Exercise directions —
Your task is to print each record exactly as it reads.

Excerpted data —
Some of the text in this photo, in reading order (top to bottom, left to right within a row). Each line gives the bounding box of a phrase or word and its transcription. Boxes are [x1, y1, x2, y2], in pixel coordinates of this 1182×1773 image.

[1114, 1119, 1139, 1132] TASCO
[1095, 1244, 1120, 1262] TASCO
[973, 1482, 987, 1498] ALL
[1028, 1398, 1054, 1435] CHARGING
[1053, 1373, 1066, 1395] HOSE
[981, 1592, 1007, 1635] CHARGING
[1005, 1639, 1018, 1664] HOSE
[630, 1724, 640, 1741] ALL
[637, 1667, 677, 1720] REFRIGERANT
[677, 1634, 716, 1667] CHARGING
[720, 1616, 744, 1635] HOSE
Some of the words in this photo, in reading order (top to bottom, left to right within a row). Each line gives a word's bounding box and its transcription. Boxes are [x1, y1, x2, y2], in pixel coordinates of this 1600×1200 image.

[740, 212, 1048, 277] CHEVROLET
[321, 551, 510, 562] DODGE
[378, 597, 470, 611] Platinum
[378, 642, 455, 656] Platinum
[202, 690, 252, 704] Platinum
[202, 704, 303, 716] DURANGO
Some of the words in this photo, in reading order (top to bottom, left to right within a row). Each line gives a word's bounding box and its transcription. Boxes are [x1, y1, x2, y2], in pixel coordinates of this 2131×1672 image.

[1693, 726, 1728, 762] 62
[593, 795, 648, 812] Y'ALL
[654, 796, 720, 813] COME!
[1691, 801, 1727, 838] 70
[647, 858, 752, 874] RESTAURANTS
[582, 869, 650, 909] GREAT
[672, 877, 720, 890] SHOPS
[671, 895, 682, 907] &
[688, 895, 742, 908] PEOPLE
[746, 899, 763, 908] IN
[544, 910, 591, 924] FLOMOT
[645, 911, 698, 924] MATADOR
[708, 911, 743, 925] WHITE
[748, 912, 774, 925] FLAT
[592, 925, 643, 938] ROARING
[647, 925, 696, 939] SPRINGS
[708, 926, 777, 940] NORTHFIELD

Task result —
Some of the text in this photo, in reading order (top to bottom, left to right within a row). Each line gives the bounding box of a phrase or word and its transcription. Boxes are [x1, y1, x2, y2], in pixel coordinates of this 1182×1773 image.

[1114, 1119, 1139, 1132] TASCO
[1095, 1244, 1120, 1262] TASCO
[973, 1482, 987, 1498] ALL
[1028, 1398, 1054, 1435] CHARGING
[1053, 1373, 1066, 1395] HOSE
[981, 1592, 1007, 1635] CHARGING
[1005, 1639, 1018, 1664] HOSE
[630, 1724, 640, 1741] ALL
[637, 1667, 677, 1720] REFRIGERANT
[677, 1634, 716, 1667] CHARGING
[720, 1616, 744, 1635] HOSE
Some of the words in this photo, in reading order (top to bottom, left to right within a row). Each line gives a word's bounding box and its transcription. Boxes are [x1, y1, x2, y2], in pixel coordinates of this 1600×1200 image.

[740, 212, 1048, 277] CHEVROLET
[321, 551, 510, 562] DODGE
[378, 597, 470, 611] Platinum
[378, 642, 455, 656] Platinum
[202, 690, 252, 704] Platinum
[202, 704, 303, 716] DURANGO
Some of the words in this photo, in reading order (top to bottom, left to right within a row). Each line gives a word's bounding box and its transcription. Boxes are [x1, y1, x2, y2], in pixel coordinates of this 2131×1672 image.

[1693, 726, 1728, 762] 62
[593, 795, 648, 812] Y'ALL
[654, 796, 720, 813] COME!
[1691, 801, 1727, 838] 70
[647, 858, 752, 874] RESTAURANTS
[582, 869, 650, 909] GREAT
[672, 877, 720, 890] SHOPS
[671, 895, 682, 907] &
[688, 895, 742, 908] PEOPLE
[746, 899, 763, 908] IN
[544, 910, 591, 924] FLOMOT
[645, 911, 698, 924] MATADOR
[708, 911, 743, 925] WHITE
[748, 912, 774, 925] FLAT
[592, 925, 643, 938] ROARING
[647, 925, 696, 939] SPRINGS
[708, 926, 777, 940] NORTHFIELD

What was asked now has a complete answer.